Chicago Police superintendents are like baseball managers and football coaches. They’re hired to be fired. Failure and crises are built into the job. When it comes, a head needs to roll. The sacrificial lamb inevitably is the man on top.
Garry McCarthy is no different. He’s a fighter who believed he earned the right to decide when the time was right to retire from the pressure-cooker job after surviving a heart attack more than a year ago.
But Emanuel didn’t give him that chance. Although the mayor is loyal to his staff, he could not resist the pressure to get rid of McCarthy following the recent release of an incendiary video showing white officer Jason Van Dyke firing 16 bullets into black teenager Laquan McDonald last year.
The final straw appeared to be a front-page editorial calling for his firing in Tuesday’s Chicago Sun-Times. That followed the Washington Post and elected black officials.
Emanuel, in a news conference Tuesday, acknowledged that McCarthy’s policing strategies led to a major reduction in overall serious crime —a 7 percent drop this year through Nov. 30 compared with the same period of 2014.
But murders are up 14 percent. And McCarthy became “a distraction” after the McDonald killing, another high-profile police shooting and a gang-related assassination of a 9-year-old, Emanuel said.
Emanuel fires McCarthy Before firing McCarthy, Emanuel creates task force Editorial: Police Supt. Garry McCarthy must go
McCarthy, 56, is a former operations chief at the New York Police Department who went on to run the police department in Newark, New Jersey.

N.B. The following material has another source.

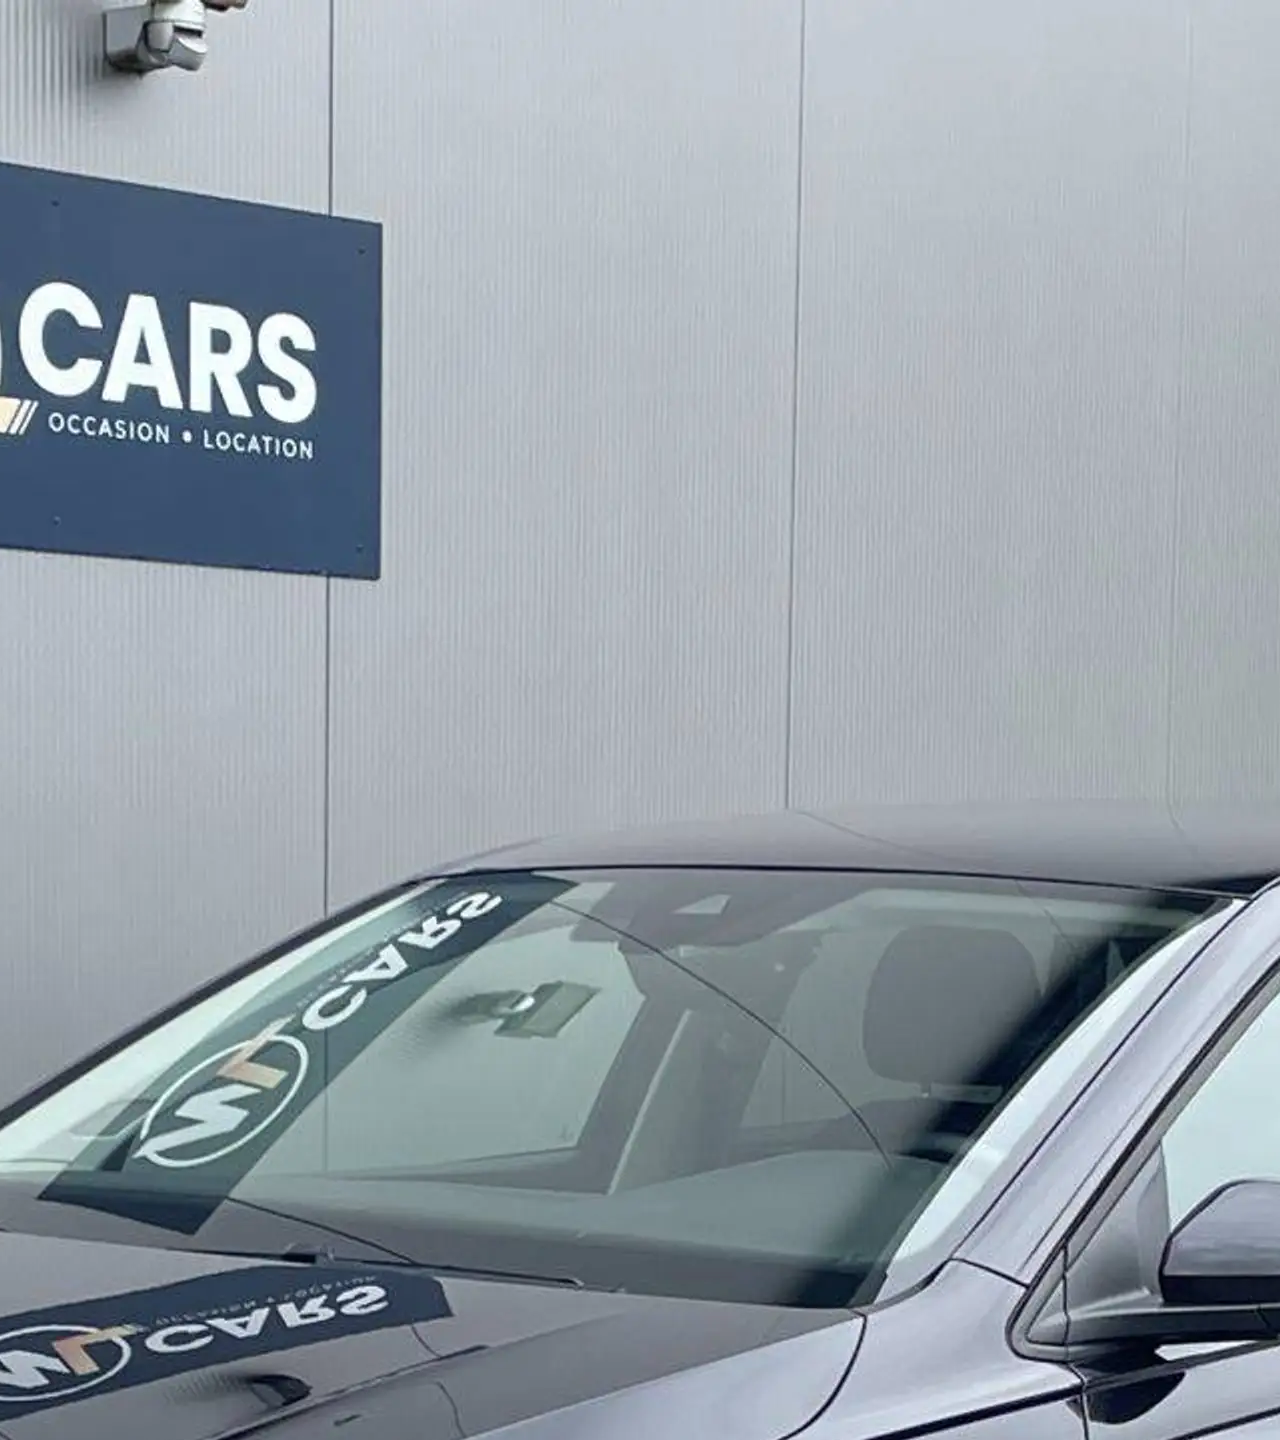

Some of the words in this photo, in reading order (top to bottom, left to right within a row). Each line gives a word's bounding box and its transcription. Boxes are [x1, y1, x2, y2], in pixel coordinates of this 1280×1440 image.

[19, 281, 317, 423] CARS
[48, 412, 169, 444] OCCASION
[204, 429, 314, 459] LOCATION

In New York, he was responsible for CompStat, a crime reduction strategy replicated in Chicago and other cities. He became police chief of Newark in 2006 and presided over a major drop in crime, but officers there were criticized for alleged civil-rights abuses.
McCarthy was hired by Emanuel shortly before the 2011 inauguration after the mayor’s first choice, former Chicago Deputy Supt. Charles Ramsey, demanded a salary in excess of $400,000.
McCarthy’s annual salary is $260,210. He was the highest paid official on the city payroll, earning $43,794 a year more than the $216,210 that Emanuel earns.
With his outspoken persona and fast-talking style, McCarthy was a police chief out of central casting long before there was a locally filmed television series called “Chicago P.D.”
During the 2012 NATO summit, McCarthy was hailed as a hero for leading his troops from the front and diffusing a confrontation with Black Bloc provocateurs at Cermak and Michigan. A grateful City Council passed a resolution praising his performance and jokingly calling him Chicago’s very own General Douglas MacArthur.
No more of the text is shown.